In January, we asked you to share memories of your favorite candies or old-time candy counter. We hope you enjoy reading the top five.
"On a Saturday afternoon, Dad would give my older brothers 25 cents to go to the corner store to buy penny candy. This was a treat for us. When my brothers got home we would go out on the front porch and eat candy, talk and sing. I remember shoe string licorice, Mexican hats, red hot dollars, BB Bats, taffy, peppermint balls, lemon drops and root beer barrels, candy dots on paper strips, wax lips (usually at Halloween), Sen-Sens, lollypops, fireballs, etc. These were simpler times but the memories I'll always remember."
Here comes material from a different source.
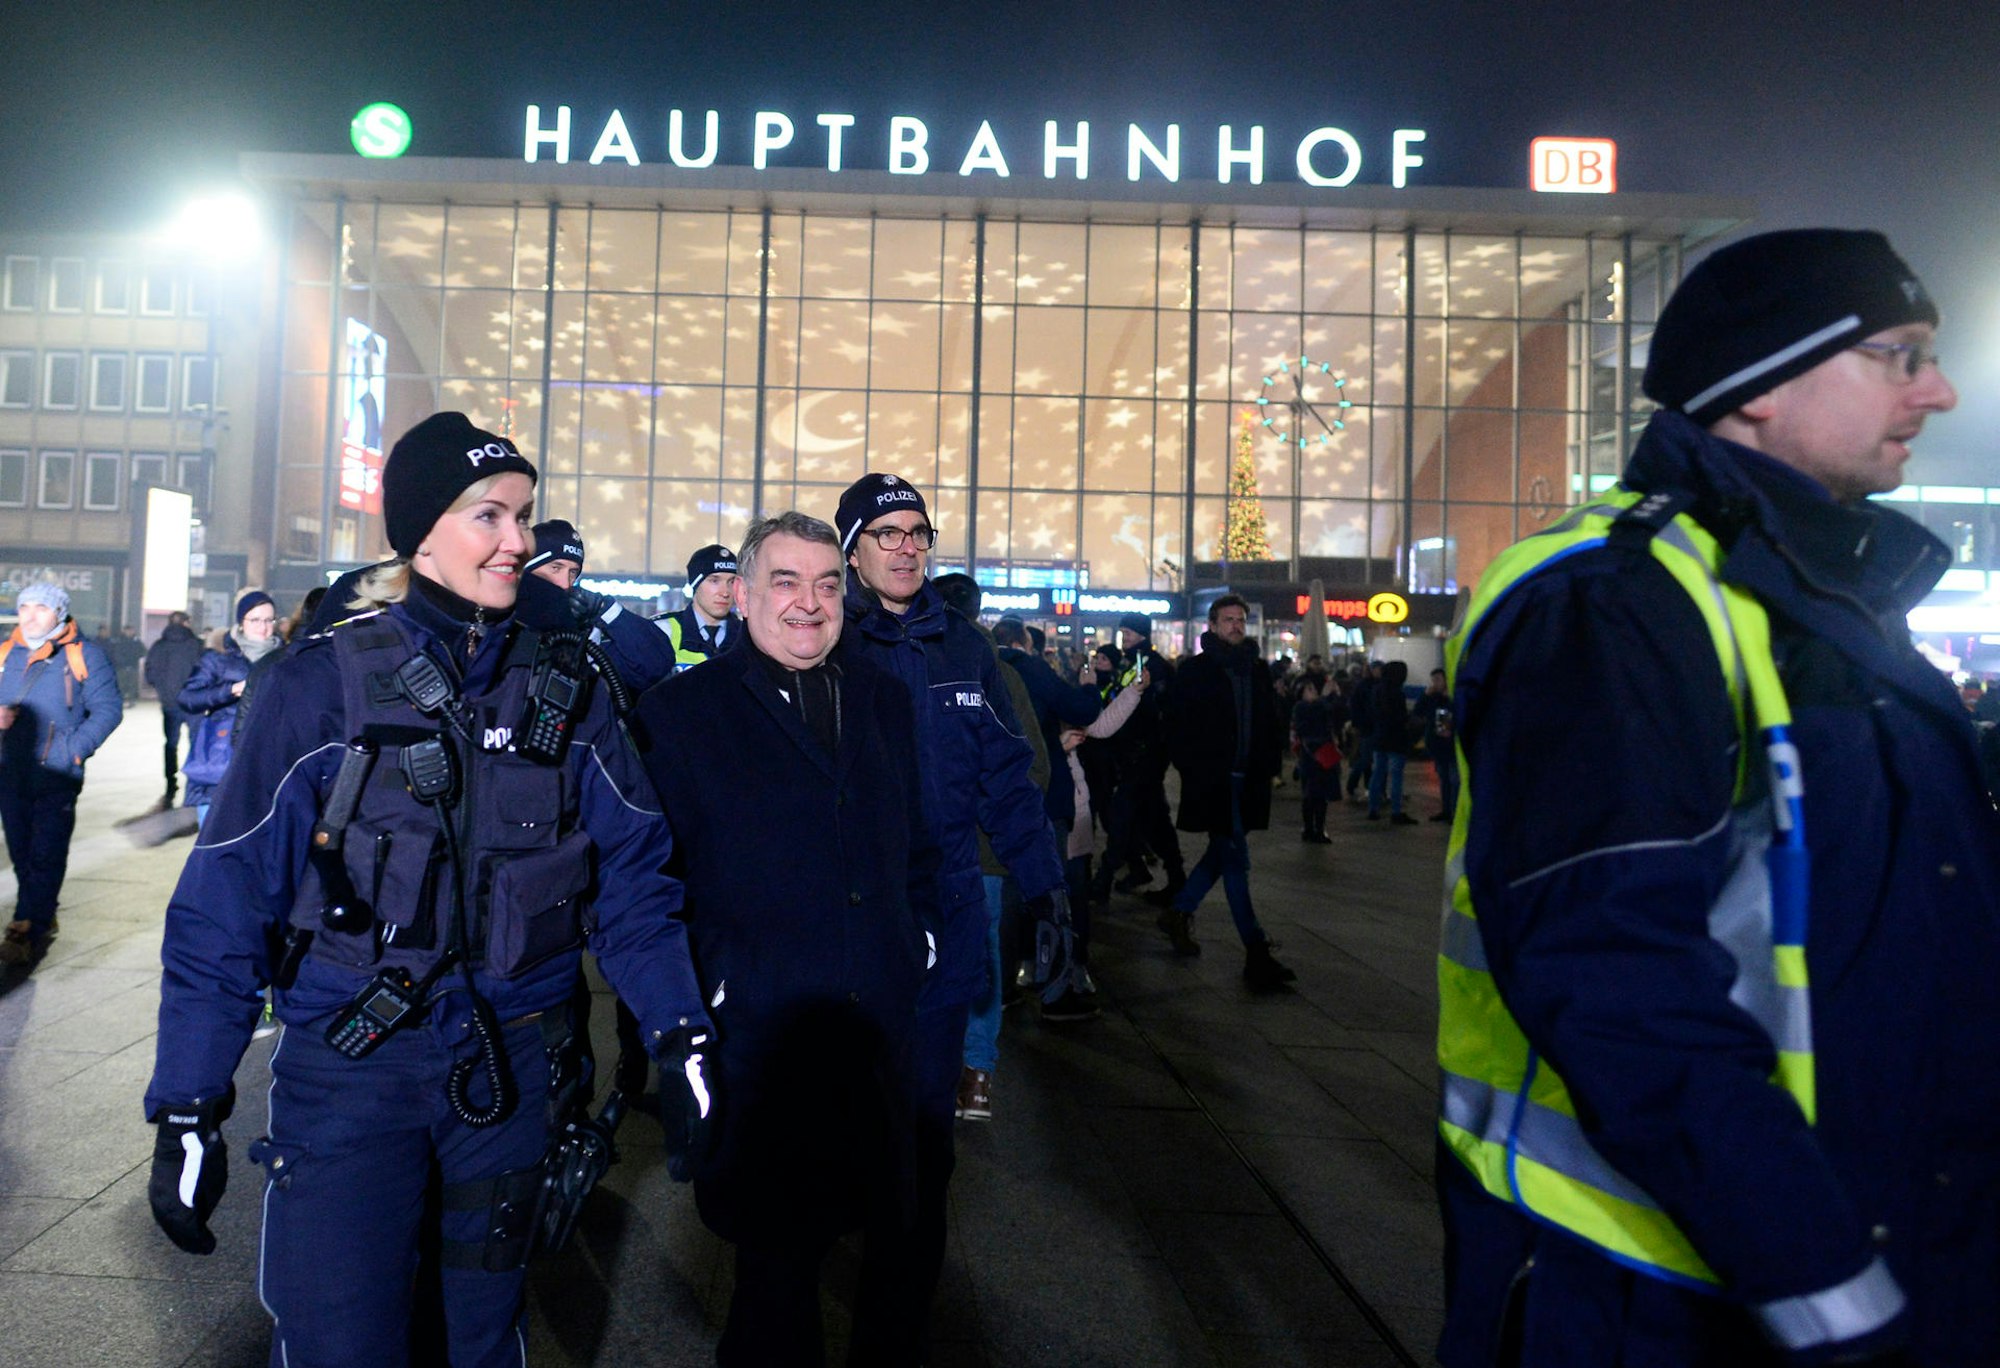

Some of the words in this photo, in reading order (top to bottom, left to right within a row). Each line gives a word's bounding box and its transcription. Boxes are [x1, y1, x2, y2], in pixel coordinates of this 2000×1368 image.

"When I was old enough, I'd say about 9 or 10, some 50 years ago, I would sometimes be allowed to ride my bike down to the corner gas station. There was always three or four of us. You would think it was the adventure of the ride that had us going someplace. But no, it was the penny candy and gum that would lure us.
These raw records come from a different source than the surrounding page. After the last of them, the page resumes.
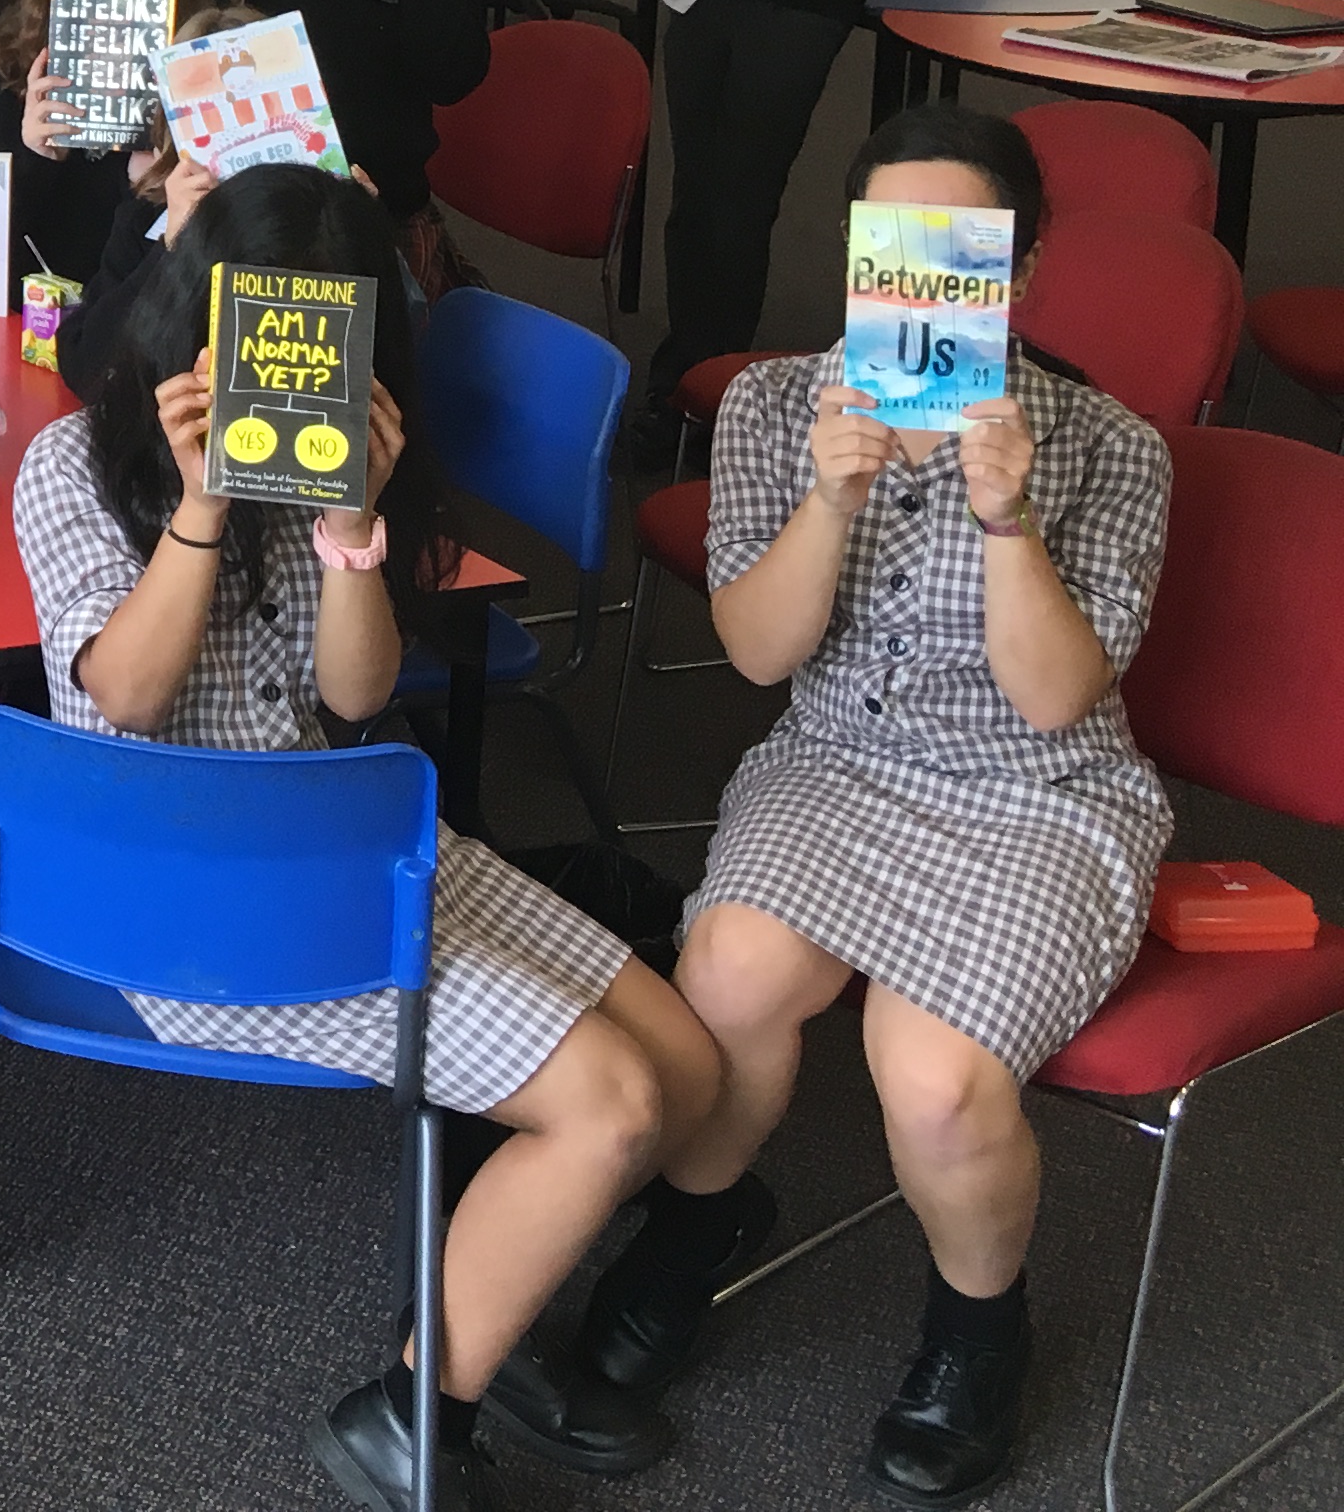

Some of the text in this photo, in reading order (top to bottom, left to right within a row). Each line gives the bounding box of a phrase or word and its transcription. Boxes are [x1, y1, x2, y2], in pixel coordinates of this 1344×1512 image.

[54, 23, 166, 56] LIFEL1K3
[89, 130, 139, 144] KRISTOFF
[225, 143, 293, 172] YOUR BED
[233, 271, 358, 305] HOLLY BOURNE
[852, 256, 1005, 306] Between
[257, 308, 327, 341] AM I
[240, 336, 341, 366] NORMAL
[897, 320, 957, 377] Us
[252, 362, 331, 392] YET?
[235, 429, 265, 451] YES
[309, 438, 337, 458] NO
[298, 486, 310, 496] The
[312, 488, 344, 499] Observer
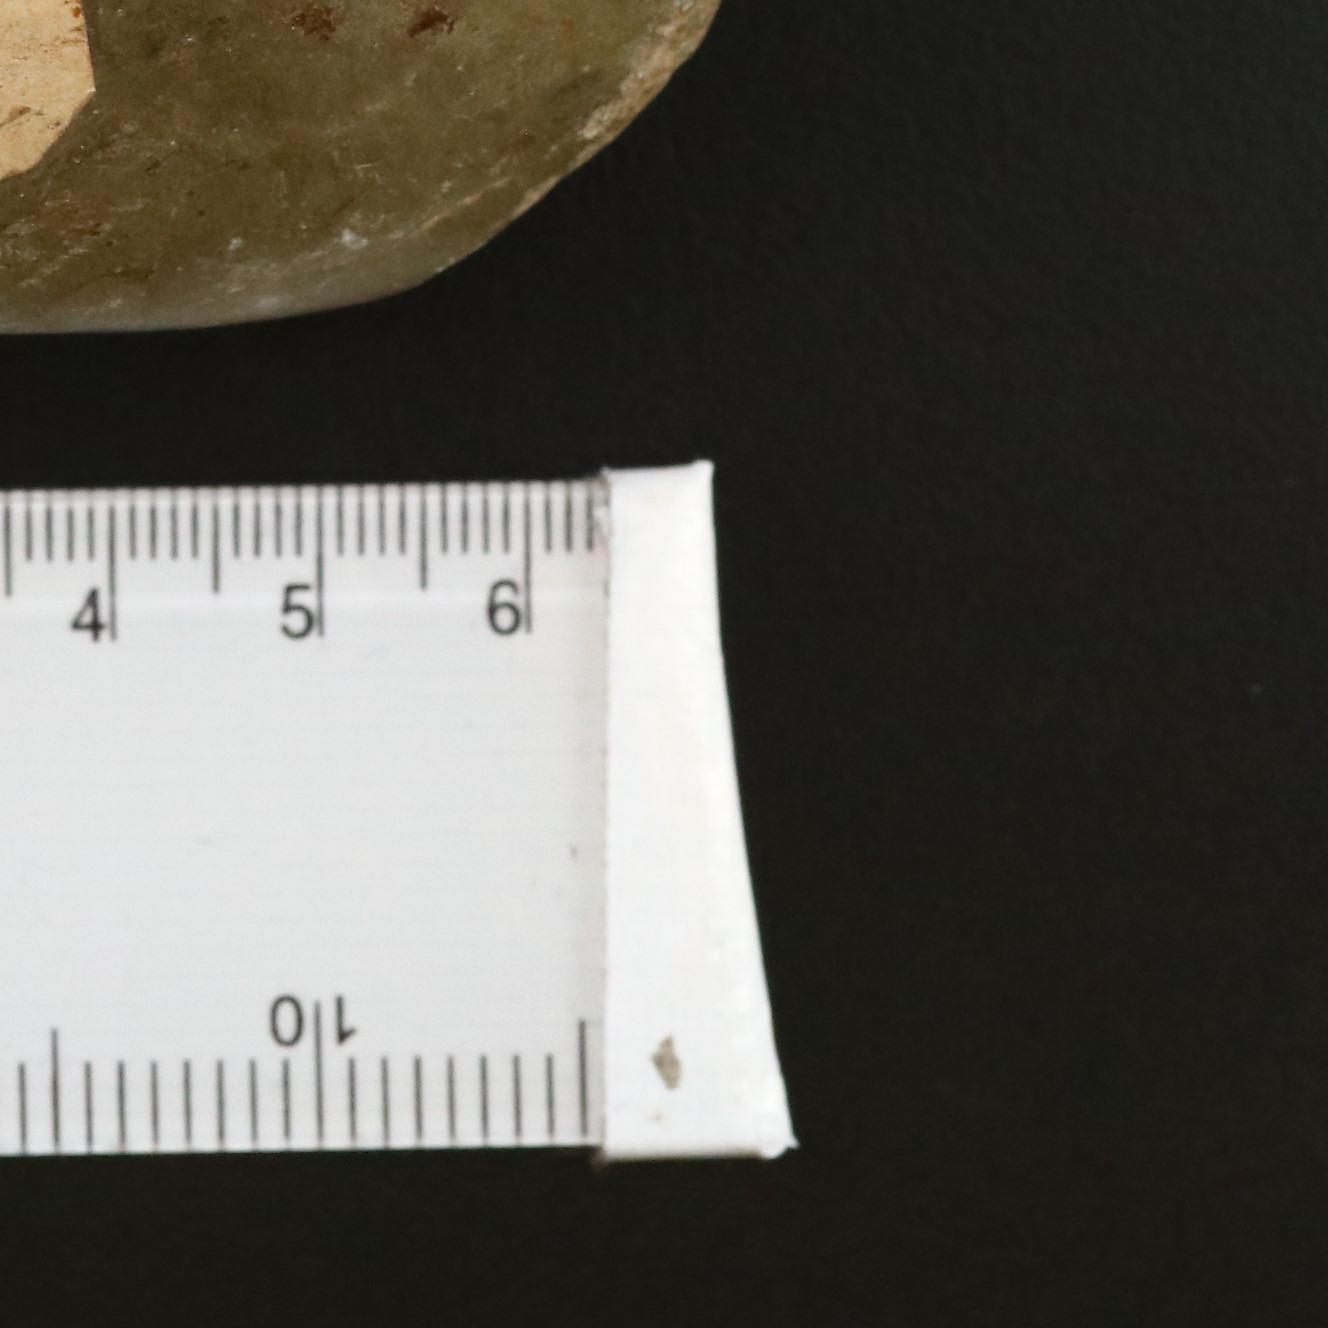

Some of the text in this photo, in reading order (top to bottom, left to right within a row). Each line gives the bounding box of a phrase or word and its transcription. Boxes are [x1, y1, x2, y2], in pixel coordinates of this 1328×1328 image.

[71, 589, 105, 644] 4
[281, 585, 315, 639] 5
[488, 581, 521, 635] 6
[270, 994, 358, 1048] 10
"I had to work for every penny, nickel, dime and quarter I spent. It never was much and I never meant to spend it all but most times I would. There were so many tempting goodies. I would have it all in a small bag wrapped around the handlebars of my bike for my trip back home. There were the gumballs, jawbreakers, suckers, candy bars—you name it, it was there.
"I can still remember the unique odors that exuded from that little store. The red candied apples had a smell of their own. Sometimes when I'm in one of these "old country stores" I can still smell those all so familiar smells. And, without fail I spend my pennies, nickels, dimes and quarters until a much older self will say "enough already." But it was so much fun remembering. Penny candy and gum had one more time worked its magical spell on me even after 50 some years."
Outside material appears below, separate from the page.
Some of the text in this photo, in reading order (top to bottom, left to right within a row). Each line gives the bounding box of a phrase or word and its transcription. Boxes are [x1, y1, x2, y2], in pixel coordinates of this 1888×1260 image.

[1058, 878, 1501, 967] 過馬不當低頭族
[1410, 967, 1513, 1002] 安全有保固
"When I was a little girl, I lived with my grandparents. Everywhere they went, I went. My grandfather, Ray, used to walk up the hill to town every week to take care of any business he had to conduct. There was an ice cream parlor that had a candy counter, and the drugstore had a long counter with a glass front. I could see all the candy neatly divided into bins and was allowed 1 penny for candy. I nearly always got huge red gumballs. They were bigger than the end of my thumb and made my eyes water (cinnamon).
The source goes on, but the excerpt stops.